Negative utilitarianism (NU) ([Popper] V.I ch.5 note 6) is an attempt within the consequentialist framework to account for concern for individuals. It changes the utilitarian calculus to ignore happiness and only account for misery. Thus, it is not valid, under NU, to outweigh causing of misery for some by adverting to happiness for billions. [Smart] attempts to rebut this theory by suggesting that it necessarily requires the destruction of all sentient life, as otherwise misery will inevitably accumulate and in time outweigh misery caused by the destruction of the present generation. I do not believe this attempted rebuttal is successful. One could easily argue to discount future misery due to its uncertainty: we might at some point become so successful at preventing suffering that the total amount to be suffered in all of the world’s future is less than the undoubtedly huge amount involved in destroying all sentient life. (An infinite sum might have a finite total.) Further, the argument is not successful against NU variants arguing to minimise averaged suffering.

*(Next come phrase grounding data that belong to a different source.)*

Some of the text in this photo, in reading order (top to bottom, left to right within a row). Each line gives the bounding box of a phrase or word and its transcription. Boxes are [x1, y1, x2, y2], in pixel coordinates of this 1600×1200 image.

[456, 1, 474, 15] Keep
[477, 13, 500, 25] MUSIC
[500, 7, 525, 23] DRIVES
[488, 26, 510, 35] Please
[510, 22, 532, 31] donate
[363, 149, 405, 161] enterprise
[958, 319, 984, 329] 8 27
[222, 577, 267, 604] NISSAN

NU cannot, therefore, be trivially dismissed; and one may applaud the compassion that inspires care for the suffering of the unfortunate over the bliss of the fortunate. But for the present argument it suffices that it is not immune to the previous criticism. Provided the discussion is restricted to removal of misery, it must at the minimum assert that causing misery for a few is justified in order to remove similar misery from many more. (If it doesn’t assert at least this, it cannot plausibly be called utilitarianism.) Any appeal to long-term consequences in order to regain justice and other individual-respecting caring ideals necessarily entails the tinkering force or god discussed above.

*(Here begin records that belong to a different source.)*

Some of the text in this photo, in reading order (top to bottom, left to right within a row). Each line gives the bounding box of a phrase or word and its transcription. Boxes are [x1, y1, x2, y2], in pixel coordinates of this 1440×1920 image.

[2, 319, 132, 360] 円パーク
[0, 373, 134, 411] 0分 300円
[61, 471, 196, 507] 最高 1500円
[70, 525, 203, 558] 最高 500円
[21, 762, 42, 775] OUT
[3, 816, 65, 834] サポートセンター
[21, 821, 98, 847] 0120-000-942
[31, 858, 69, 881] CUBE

Therefore, unless proved otherwise (and we must suspect such a proof will be a long time coming), we must recognise that there is a dissonance between max/minimising any measure of benefit/harm (except perhaps one ‘cooked’ to secure the desired result) and caring for each individual. Consequentialism destroys the basis for almost every statement in manifestos such as Kurtz’s, inspired by the admirable ethic of respect for the individual that has developed in the west and is manifested in the adherence to secularism.

Proposing a New Ethical Basis

The ethical basis proposed here is the Principle of Goodness:

Goodness is to attempt to benefit everyone;
evil is to attempt to harm even a single innocent one.

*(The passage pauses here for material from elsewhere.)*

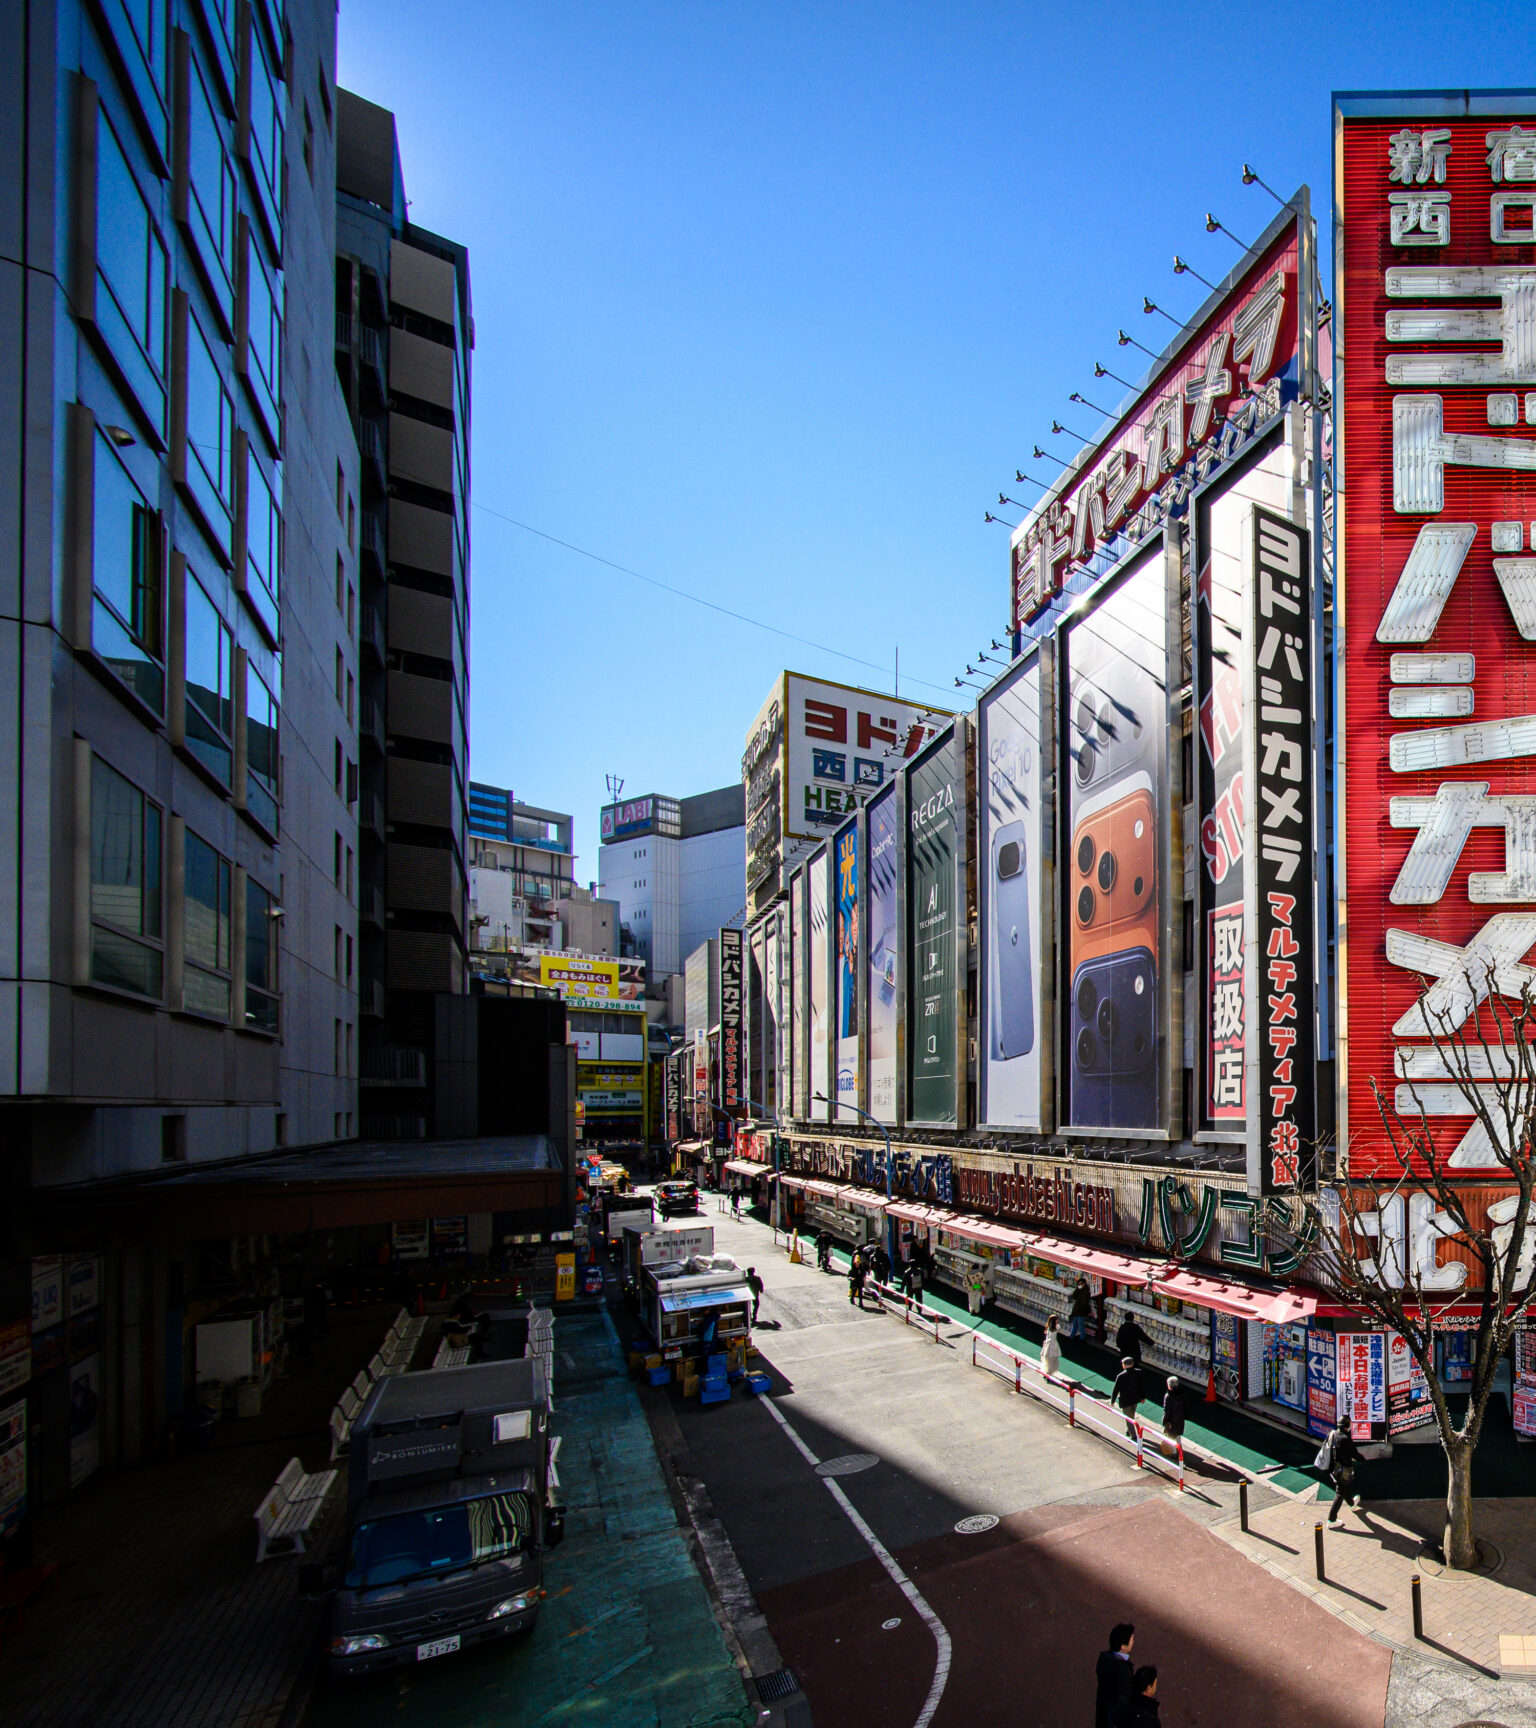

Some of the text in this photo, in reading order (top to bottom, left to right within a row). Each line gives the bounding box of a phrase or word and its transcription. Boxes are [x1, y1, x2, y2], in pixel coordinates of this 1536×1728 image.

The Principle of Goodness addresses the recognition that we must care about the bell tolling for as few as a single one. It can be proposed as a candidate for fundamental basis for a planetary ethics because it does not suffer from the paradoxes that result in combining utilitarianism with this realisation, and it is not “preloaded” with an ideology. We must now examine these claims.

The Principle avoids the Utilitarian Paradox

Absent some continually tinkering, omnipotent force or being, or some ‘law of history’, utilitarianism, concerned with bulk measure, cannot accommodate the evolving modern concern for each individual. The Principle of Goodness can, because it does not refer to the result, but to the intention of the moral actor: one must not attempt to harm an innocent. Although there is an outcome involved (the not harming of an innocent), the Principle refers to the mind of the actor: their willed intention and choice. But the choices need not actually maximise anything over the collection of all who are affected.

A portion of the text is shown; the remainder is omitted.